Continuamos a reflexão sobre quatro princípios esboçados pelo Papa Francisco na Evangelii Gaudium, nos detendo no terceiro: “a realidade é mais importante do que a ideia” (EG 231-233). Quantas vezes não percebemos no debate público, em aulas e palestras ou nas decisões governamentais que a realidade simplesmente não foi considerada, que uma ideia preconcebida, uma ideologia, se sobrepôs a ela! Entre os mais graves problemas do Brasil, estão os causados pelas vitórias das ideologias, de direita ou de esquerda, que não permitiram que se visse a realidade objetivamente, e por isso não se tomassem as decisões necessárias ao bem comum.
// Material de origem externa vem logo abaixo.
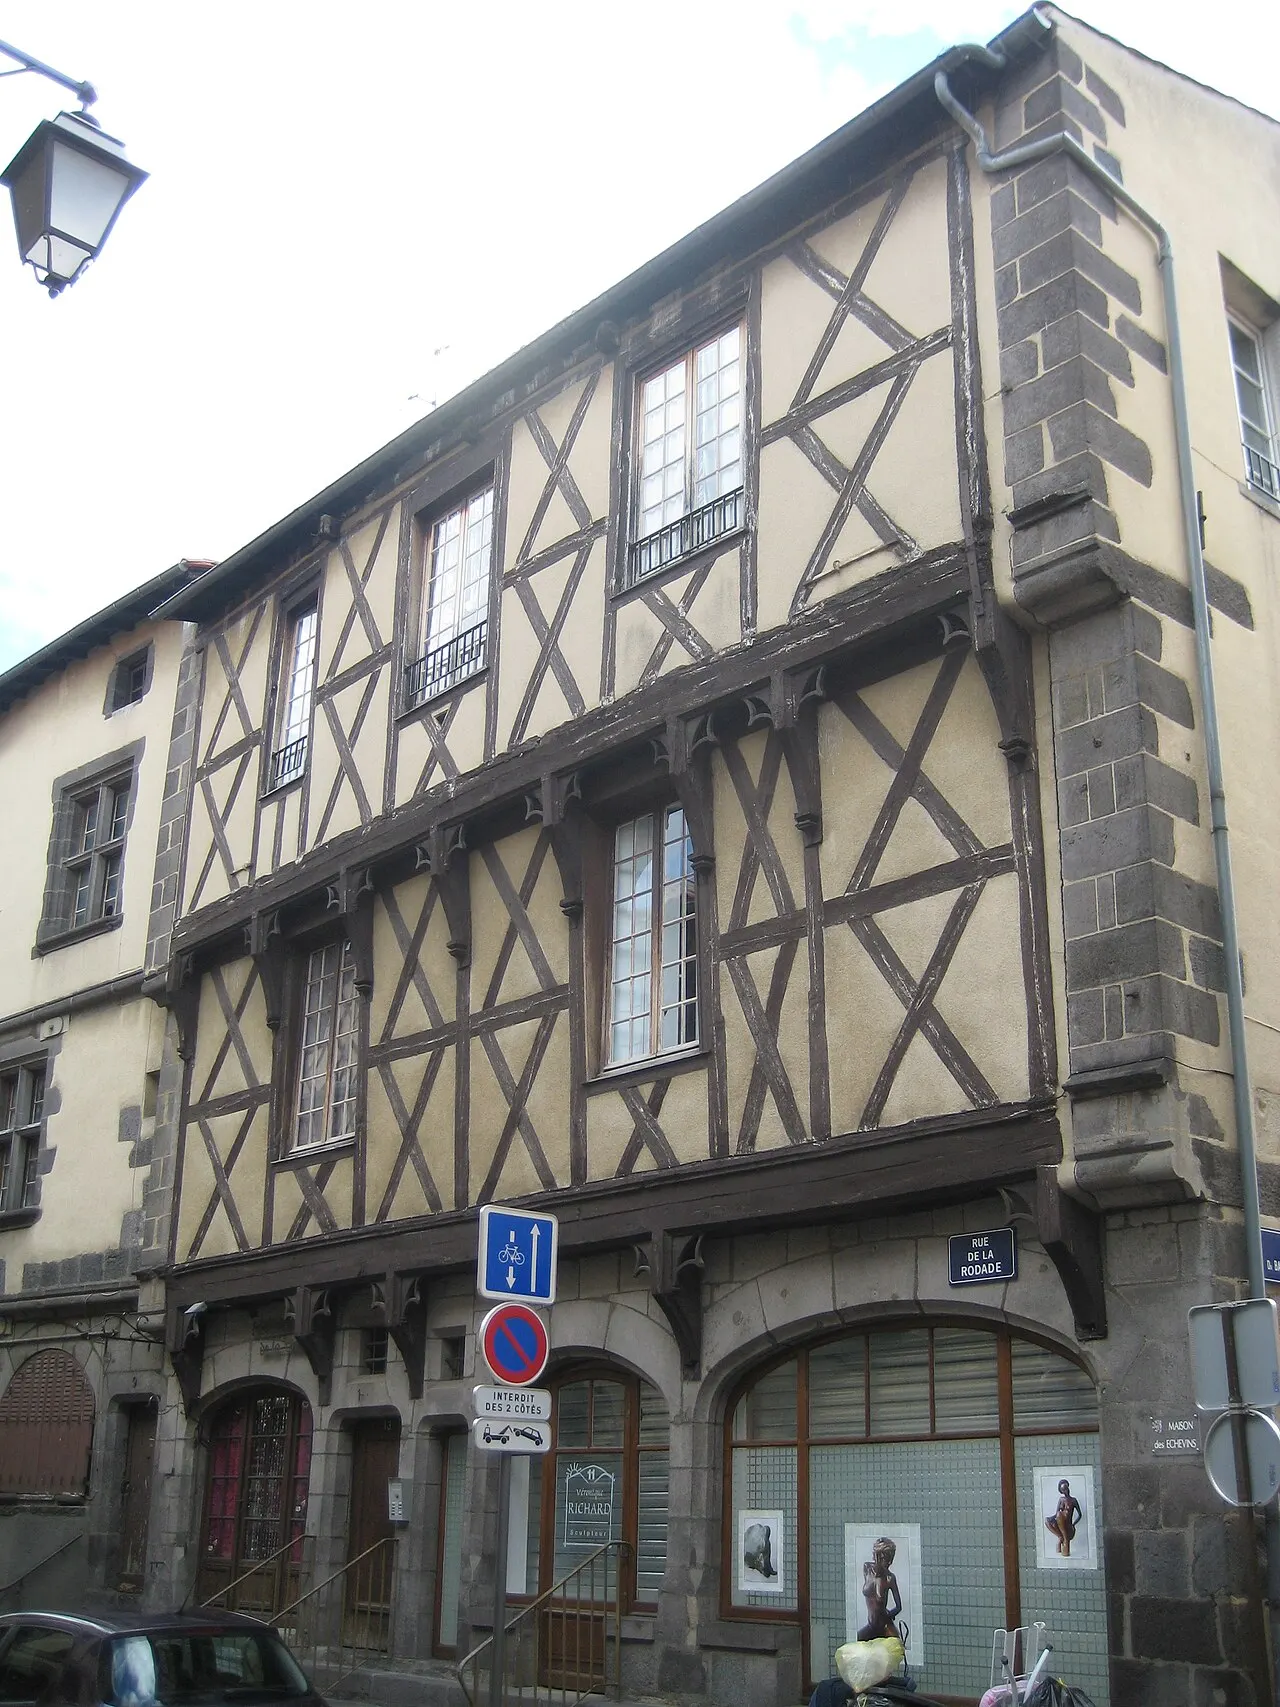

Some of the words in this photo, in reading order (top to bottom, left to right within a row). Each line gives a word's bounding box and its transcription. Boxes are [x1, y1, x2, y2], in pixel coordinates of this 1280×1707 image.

[972, 1237, 989, 1248] RUE
[967, 1251, 980, 1262] DE
[982, 1249, 994, 1260] LA
[961, 1262, 1002, 1277] RODADE
[493, 1391, 535, 1403] INTERDIT
[485, 1402, 503, 1412] DES
[506, 1404, 511, 1413] 2
[514, 1403, 542, 1415] CÔTÉS
[1168, 1420, 1194, 1431] MAISON
[1154, 1440, 1165, 1449] des
[1166, 1438, 1197, 1449] ECHEVINS
[568, 1502, 611, 1515] RICHARD
[570, 1529, 607, 1537] Sculpteur
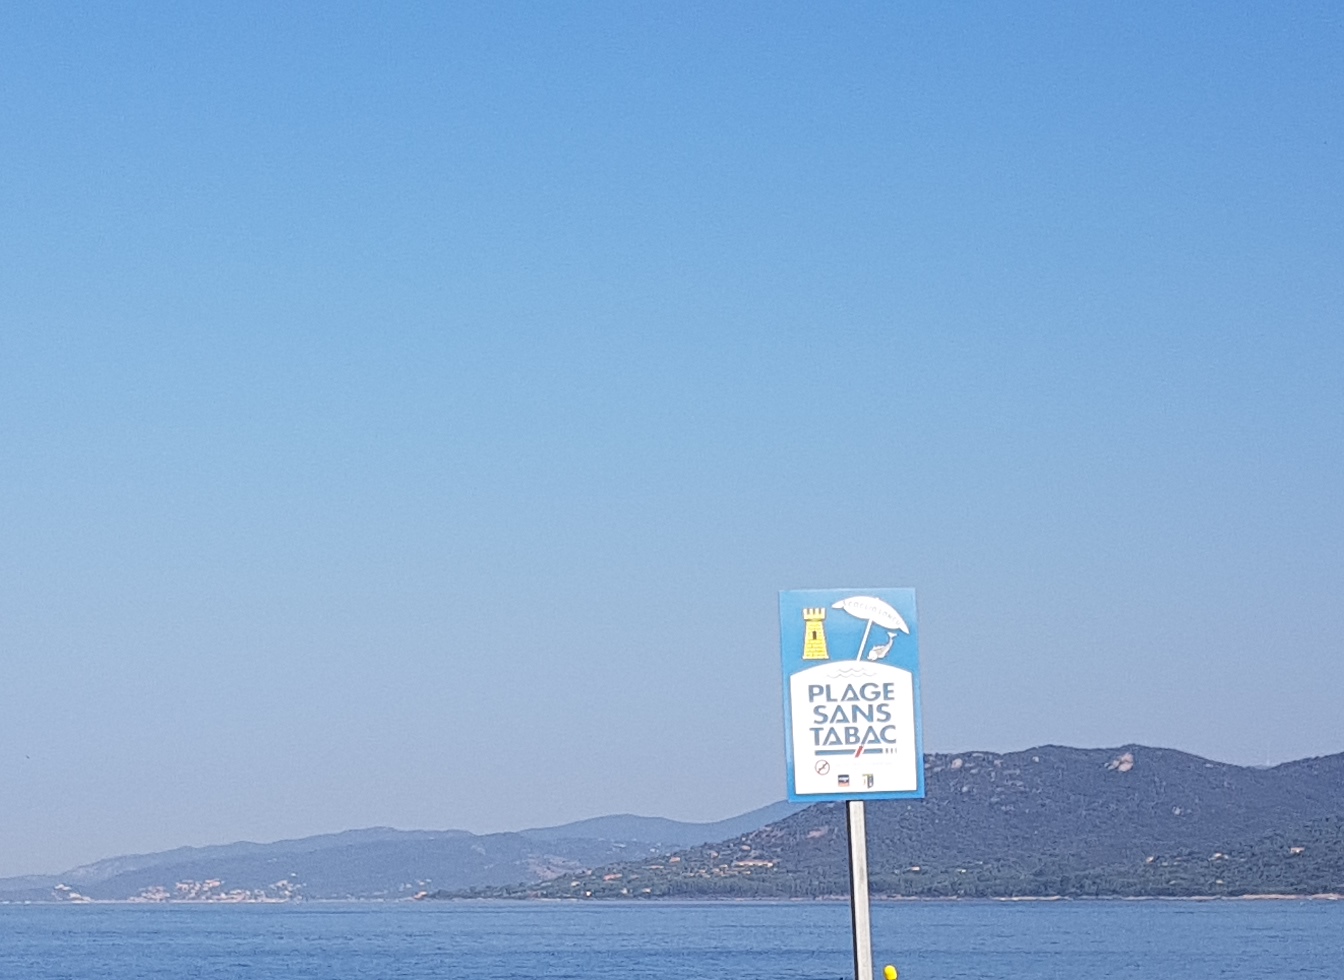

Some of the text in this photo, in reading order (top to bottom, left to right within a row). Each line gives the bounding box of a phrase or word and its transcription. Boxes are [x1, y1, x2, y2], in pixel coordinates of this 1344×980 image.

[808, 682, 895, 703] PLAGE
[813, 703, 892, 724] SANS
[809, 724, 897, 746] TABAC
As ideologias são armadilhas enganosas, como que um “pecado original” da inteligência. Ninguém está livre delas. Os que mais condenam a ideologia dos outros, frequentemente querem apenas esconder a própria. A “antiideologia” não é um outro discurso, por mais inteligente e crítico que pareça. A alternativa à ideologia é sempre o amor à realidade, como Francisco tem demonstrado com seu exemplo.
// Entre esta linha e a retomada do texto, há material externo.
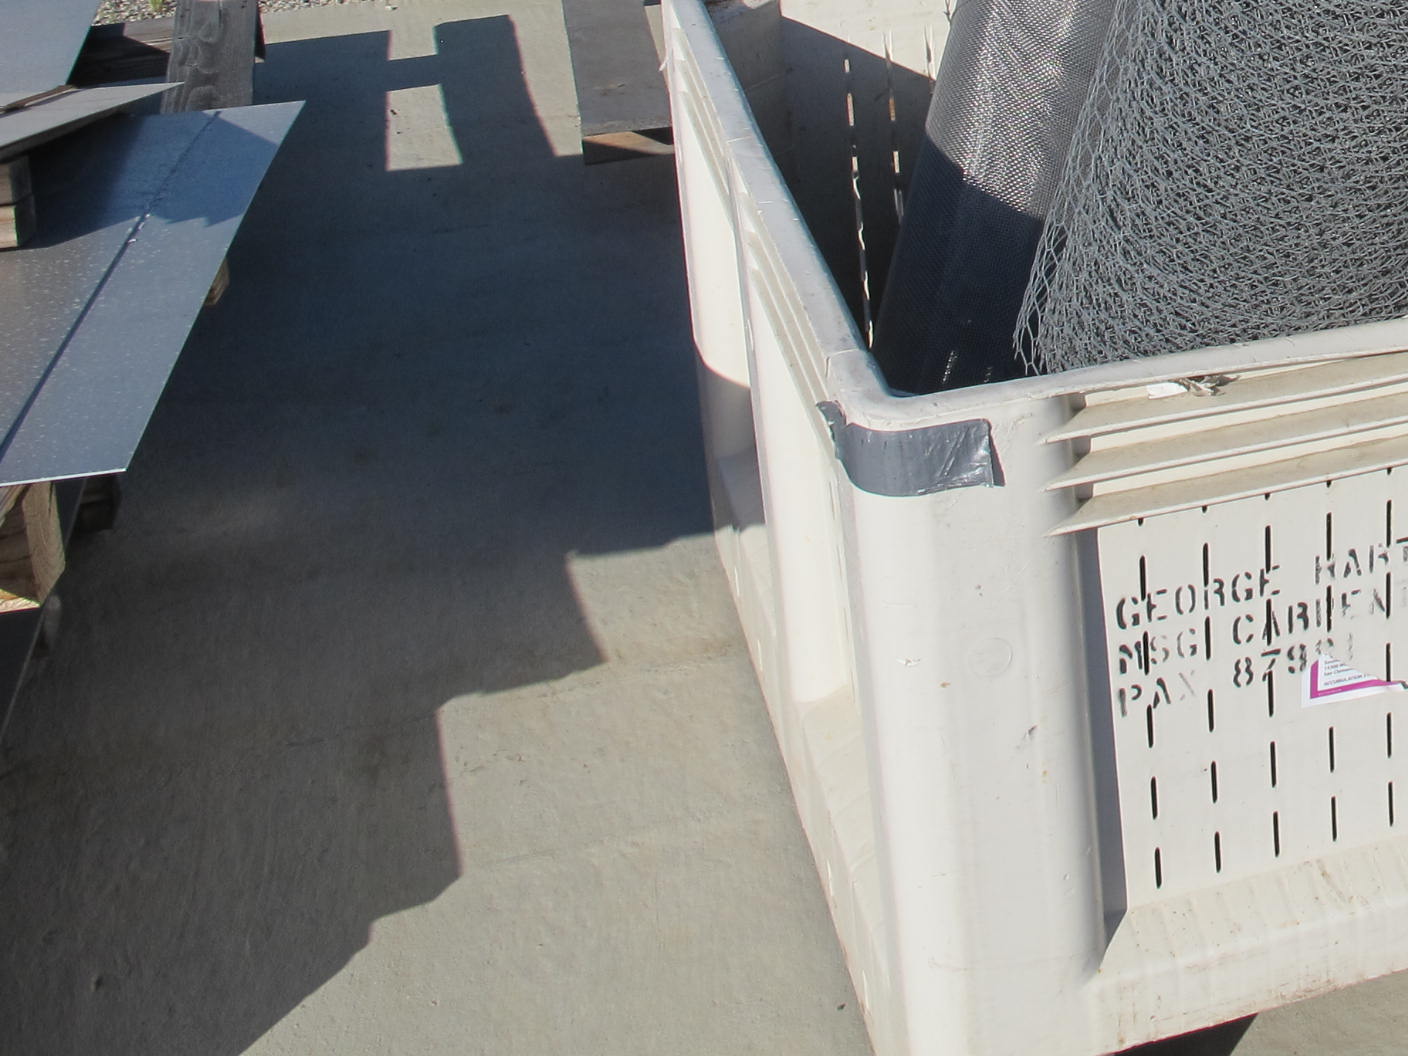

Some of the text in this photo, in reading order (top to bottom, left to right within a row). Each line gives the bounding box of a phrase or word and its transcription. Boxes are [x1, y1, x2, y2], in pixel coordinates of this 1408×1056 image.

[1116, 564, 1281, 630] GEORGE
[1119, 627, 1198, 675] MSG
[1119, 669, 1195, 717] PAX
Combater a ideologia não é condenar as ideias dos outros, ainda que mostrar o erro, esteja ele onde estiver, seja sempre necessário. Combater a ideologia é, em primeiro lugar, olhar para nós mesmos e, diante das dificuldades e desafios da vida e da conjuntura, perguntarmo-nos se agimos a partir de um olhar carregado de amor pela realidade e pelos que mais sofrem ou se agimos a partir de ideias preconcebidas, por mais sensatas que pareçam.
Vivemos uma crise que também é intelectual. Nos faltam pensadores e pensamentos para enfrentar os desafios atuais. Paradoxalmente, nesse contexto as ideologias tendem a ganhar uma sobrevida. Conhecemos seus erros e fracassos, mas a falta de alternativas nos leva a incorrer nos mesmos enganos e até reforçá-los. Os grandes pensadores não são aqueles que têm mais ideias, mas sim aqueles que conseguem olhar a realidade com mais atenção e amor – e desse modo encontrar respostas e caminhos onde outros só veem confusão e becos sem saída.
O apego à ideologia, contudo, não é uma questão intelectual. No fundo, trata-se de um problema moral: a realidade sempre nos tira de nossa “zona de conforto”, nos convida a um gesto concreto, a uma conversão tanto da inteligência quanto do coração. Com a ideologia, permanecemos fechados em nós mesmos, denunciamos populismos, neoliberalismos, individualismos, demagogias de outros, mas pouco fazemos para melhorar a nós mesmos.
Por tudo isso, o Papa nos lembra que a encarnação da Palavra tem um vínculo indissociável com a realidade (EG 233) e não pode pactuar com a ideologia.